Emory University hosted an Accessible Future workshop in April. A review of the workshop by Emory Center for Digital Scholarship (ECDS) postdoctoral fellow Anne Donlon appears today in the Journal for Interactive Technology & Pedagogy (JITP).
The Accessible Future workshop urged participants to make digital material accessible to audiences with visual, aural, and cognitive disabilities, and to advocate for accessibility at our universities. The two-day meeting at Emory was the fourth such workshop offered over the past year and a half, and was funded by the National Endowment of the Humanities Office of Digital Humanities. Jennifer Guiliano, George Williams, and Tina Herzberg organized the workshop, with Clay Jeffcoat, Jeremy Boggs, James Smith, and Cory Bohon also leading presentations. Attendees at Emory included faculty, graduate students, curators, librarians, instructional designers, and an Office of Disability Services staff person. Participants entered the workshop with diverse experiences in accessibility practices and knowledge of disability studies. But, judging from reactions during the workshop, they were united in learning many new things that ranged across topics of screen readers, cognitive disability, Deaf culture, HTML, CSS, WordPress, and Omeka.
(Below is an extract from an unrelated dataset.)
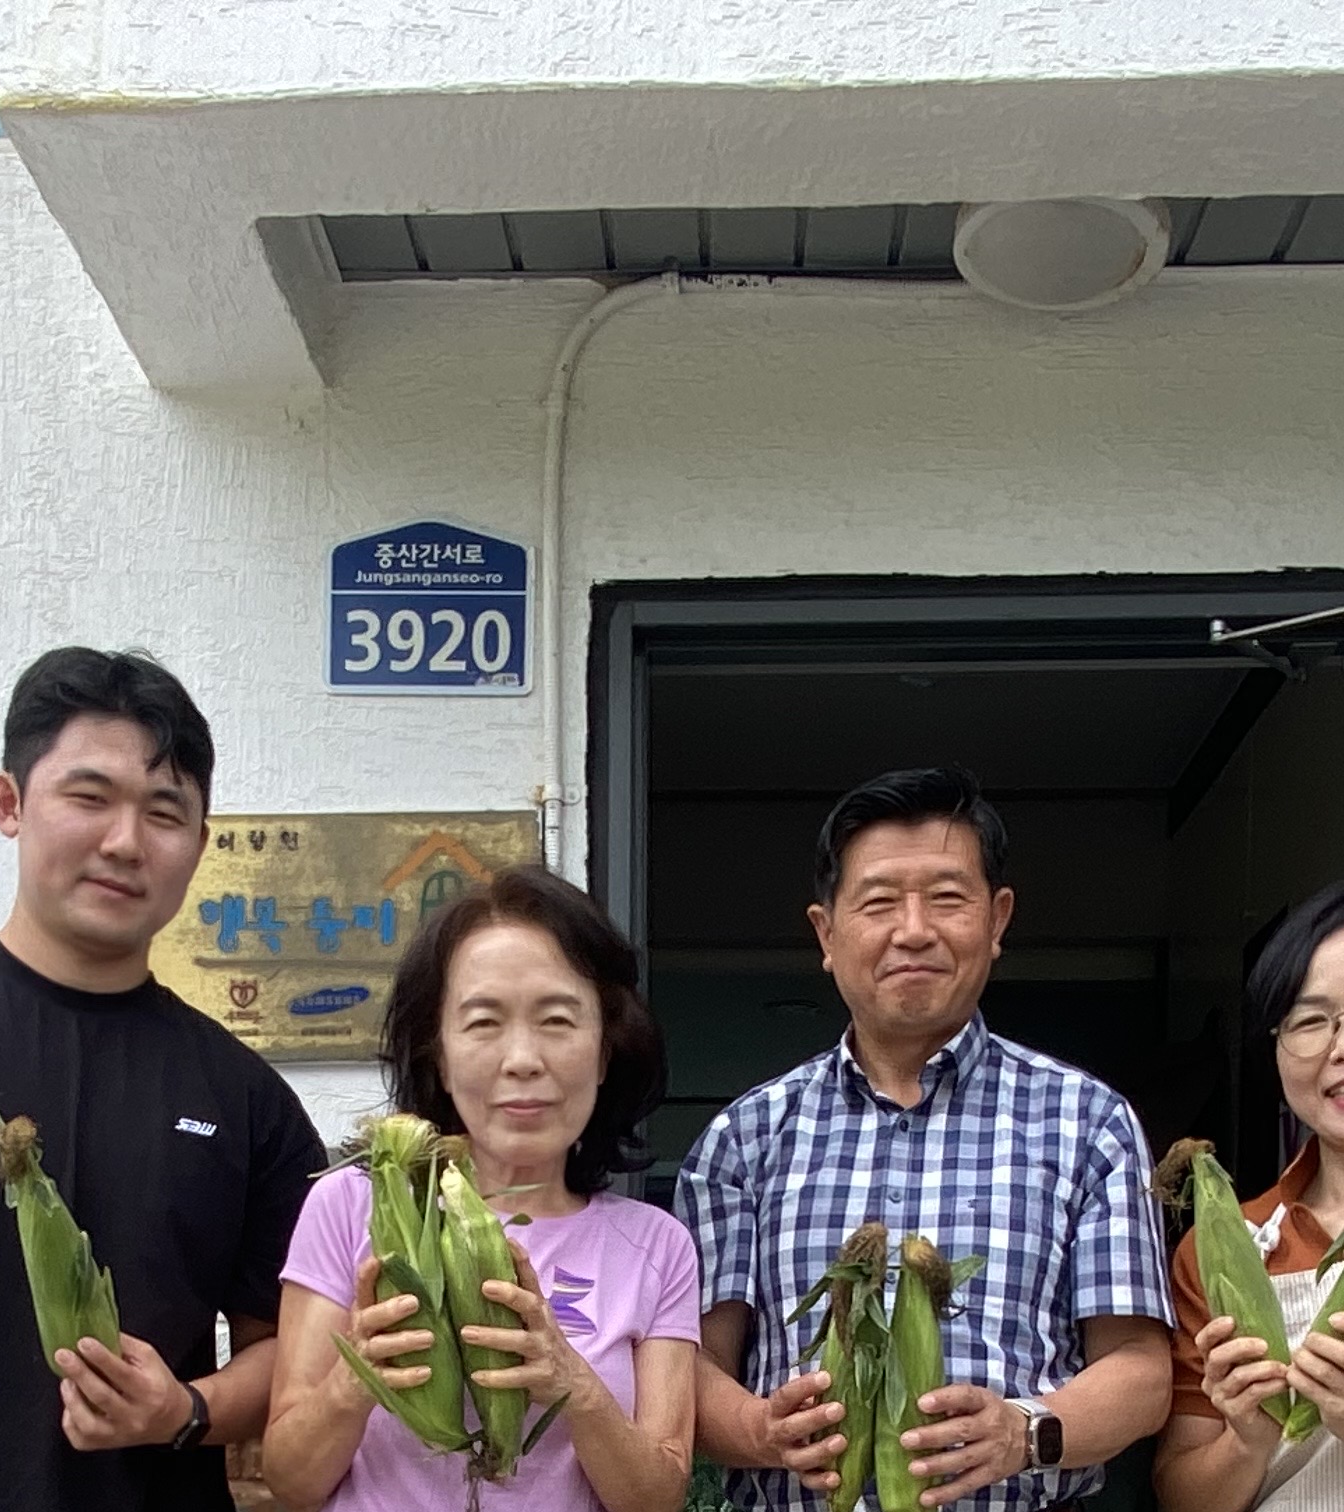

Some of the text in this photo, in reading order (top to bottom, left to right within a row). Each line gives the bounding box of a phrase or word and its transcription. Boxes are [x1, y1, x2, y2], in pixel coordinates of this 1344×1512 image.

[374, 543, 486, 568] 중산간서로
[354, 570, 504, 586] Jungsanganseo-ro
[344, 609, 512, 673] 3920
Conceiving of disability as a continuum of states that people move through, rather than a straightforward, medically-defined binary of disabled or not, the presenters taught us methods to make digital content accessible. A wide range of potential audiences–not only people with diagnosed limitations of sight, hearing, attention, or mobility–can benefit from increased use of white space, transcripts, headings, and careful inclusion of images. If we pay attention to accessibility concerns, that effort can improve the overall design and composition of our online writing and projects. However, if we fail to make ourselves aware of the implications of our design decisions, audiences with certain disabilities will not be able to reach the material that we intend to circulate to a public.